▶ [To do]
Print the data exactly. Omit the pictures.
+++ Record excerpts
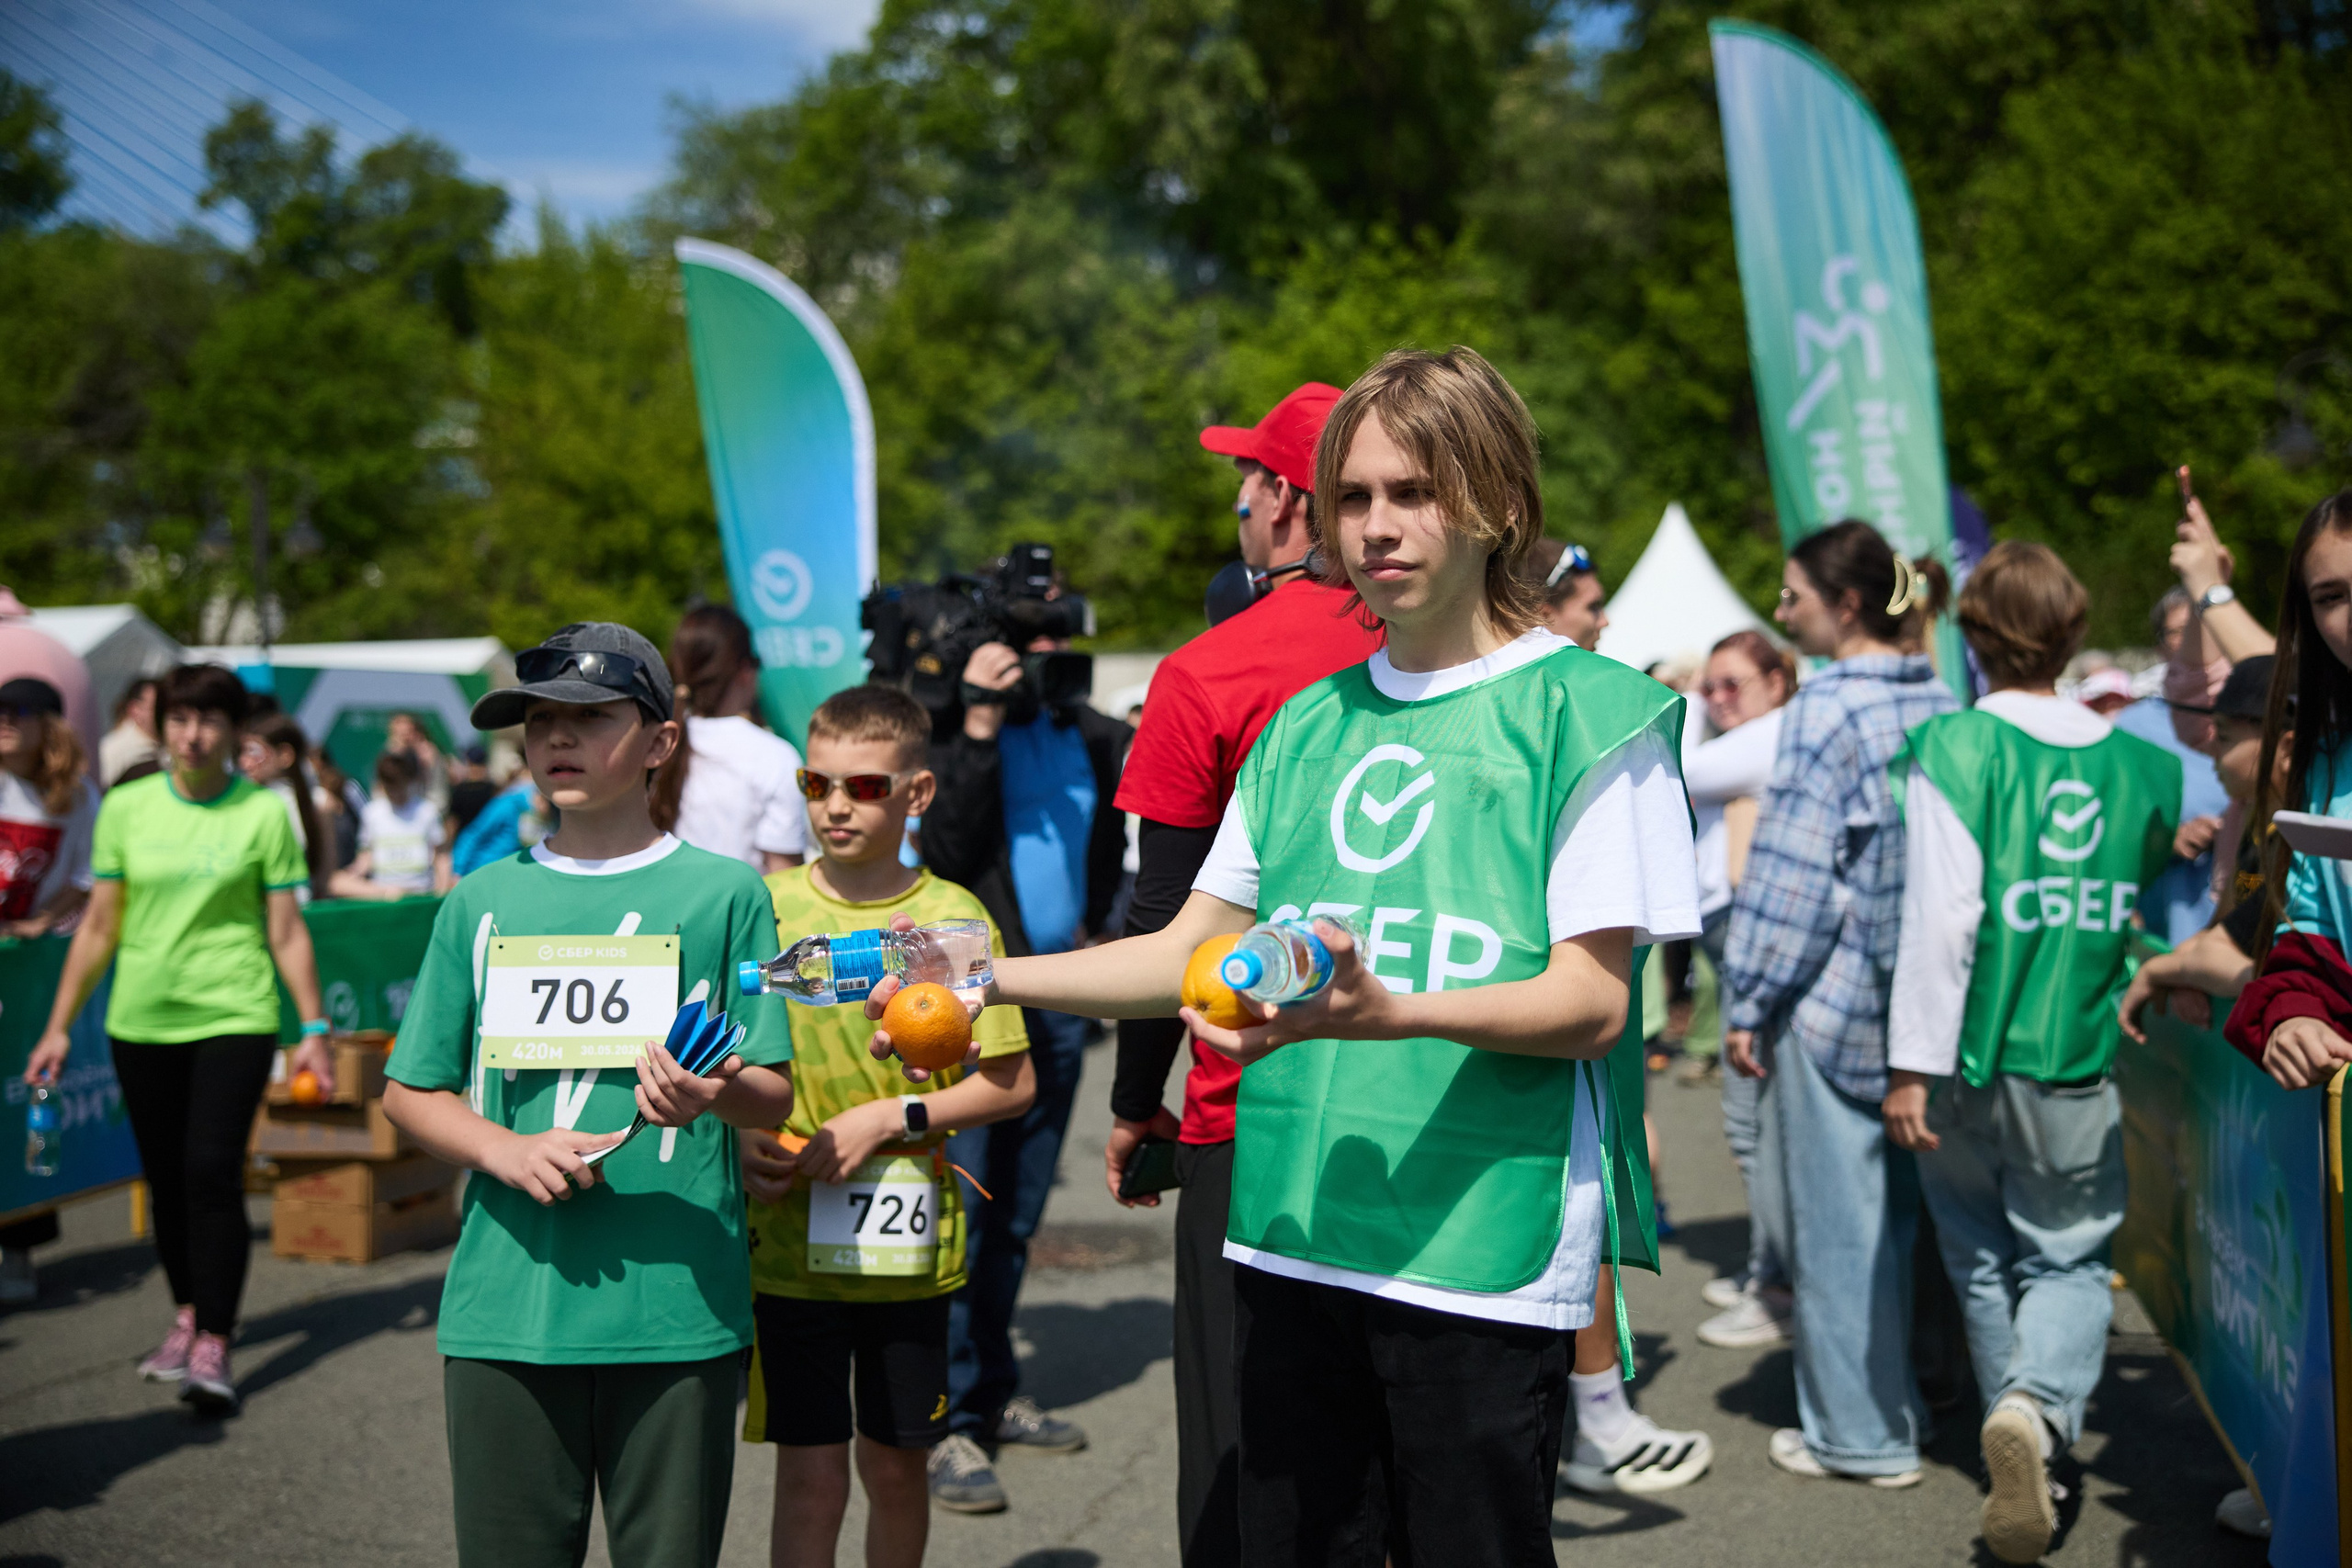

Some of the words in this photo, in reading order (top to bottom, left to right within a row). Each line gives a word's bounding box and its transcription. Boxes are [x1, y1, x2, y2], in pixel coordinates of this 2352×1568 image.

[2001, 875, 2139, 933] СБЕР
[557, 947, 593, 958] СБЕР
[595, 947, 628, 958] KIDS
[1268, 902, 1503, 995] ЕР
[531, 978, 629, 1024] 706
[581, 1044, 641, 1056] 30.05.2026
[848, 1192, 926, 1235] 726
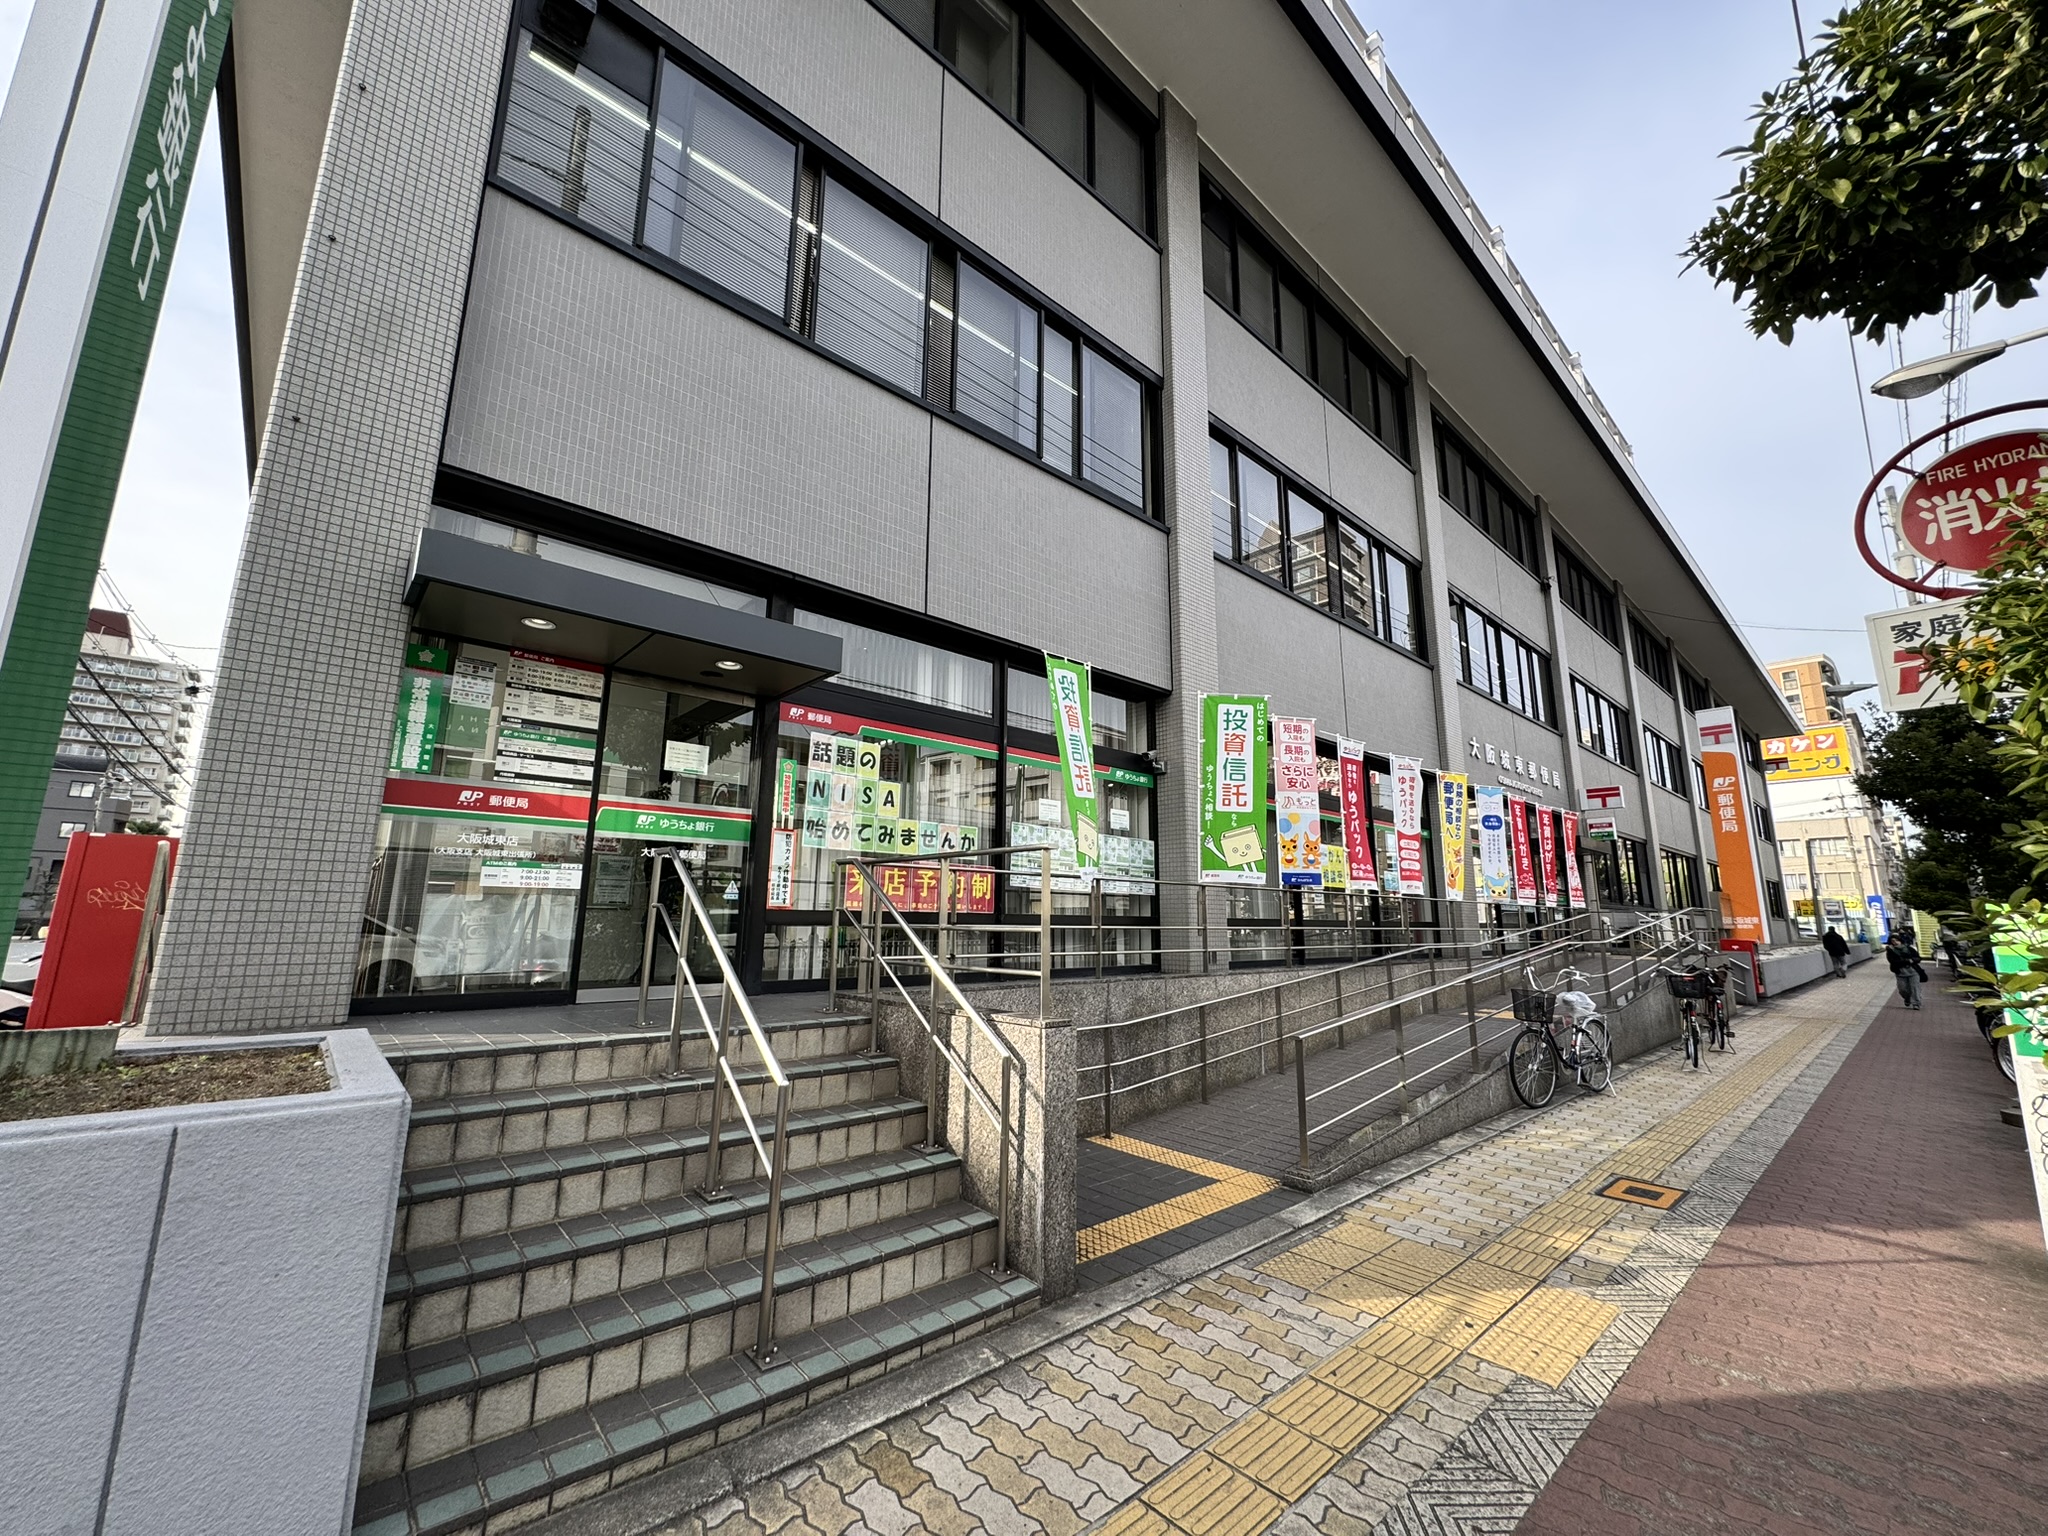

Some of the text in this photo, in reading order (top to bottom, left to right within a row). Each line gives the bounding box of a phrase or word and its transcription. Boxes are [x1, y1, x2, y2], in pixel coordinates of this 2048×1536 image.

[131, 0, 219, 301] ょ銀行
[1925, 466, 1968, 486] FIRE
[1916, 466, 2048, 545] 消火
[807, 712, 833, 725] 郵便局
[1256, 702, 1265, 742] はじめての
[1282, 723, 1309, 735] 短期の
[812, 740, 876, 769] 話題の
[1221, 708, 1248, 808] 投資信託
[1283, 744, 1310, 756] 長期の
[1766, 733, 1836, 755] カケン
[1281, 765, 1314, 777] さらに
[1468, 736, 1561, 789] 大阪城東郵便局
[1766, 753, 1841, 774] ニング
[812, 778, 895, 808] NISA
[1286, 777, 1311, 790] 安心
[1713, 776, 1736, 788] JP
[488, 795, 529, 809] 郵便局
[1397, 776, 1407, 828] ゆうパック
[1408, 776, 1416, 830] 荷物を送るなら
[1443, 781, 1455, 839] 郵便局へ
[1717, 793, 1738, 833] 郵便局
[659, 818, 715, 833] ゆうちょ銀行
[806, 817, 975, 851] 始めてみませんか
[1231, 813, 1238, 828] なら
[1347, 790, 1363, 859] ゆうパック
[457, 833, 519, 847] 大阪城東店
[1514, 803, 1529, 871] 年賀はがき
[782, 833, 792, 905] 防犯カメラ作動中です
++++++
▶ [Exercise output]
Some of the words in this photo, in reading order (top to bottom, left to right within a row). Each line gives a word's bounding box and its transcription. Boxes are [x1, y1, x2, y2], in pixel coordinates of this 2352×1568 image.

[2001, 875, 2139, 933] СБЕР
[557, 947, 593, 958] СБЕР
[595, 947, 628, 958] KIDS
[1268, 902, 1503, 995] ЕР
[531, 978, 629, 1024] 706
[581, 1044, 641, 1056] 30.05.2026
[848, 1192, 926, 1235] 726

Some of the text in this photo, in reading order (top to bottom, left to right within a row). Each line gives the bounding box of a phrase or word and its transcription. Boxes are [x1, y1, x2, y2], in pixel coordinates of this 2048×1536 image.

[131, 0, 219, 301] ょ銀行
[1925, 466, 1968, 486] FIRE
[1916, 466, 2048, 545] 消火
[807, 712, 833, 725] 郵便局
[1256, 702, 1265, 742] はじめての
[1282, 723, 1309, 735] 短期の
[812, 740, 876, 769] 話題の
[1221, 708, 1248, 808] 投資信託
[1283, 744, 1310, 756] 長期の
[1766, 733, 1836, 755] カケン
[1281, 765, 1314, 777] さらに
[1468, 736, 1561, 789] 大阪城東郵便局
[1766, 753, 1841, 774] ニング
[812, 778, 895, 808] NISA
[1286, 777, 1311, 790] 安心
[1713, 776, 1736, 788] JP
[488, 795, 529, 809] 郵便局
[1397, 776, 1407, 828] ゆうパック
[1408, 776, 1416, 830] 荷物を送るなら
[1443, 781, 1455, 839] 郵便局へ
[1717, 793, 1738, 833] 郵便局
[659, 818, 715, 833] ゆうちょ銀行
[806, 817, 975, 851] 始めてみませんか
[1231, 813, 1238, 828] なら
[1347, 790, 1363, 859] ゆうパック
[457, 833, 519, 847] 大阪城東店
[1514, 803, 1529, 871] 年賀はがき
[782, 833, 792, 905] 防犯カメラ作動中です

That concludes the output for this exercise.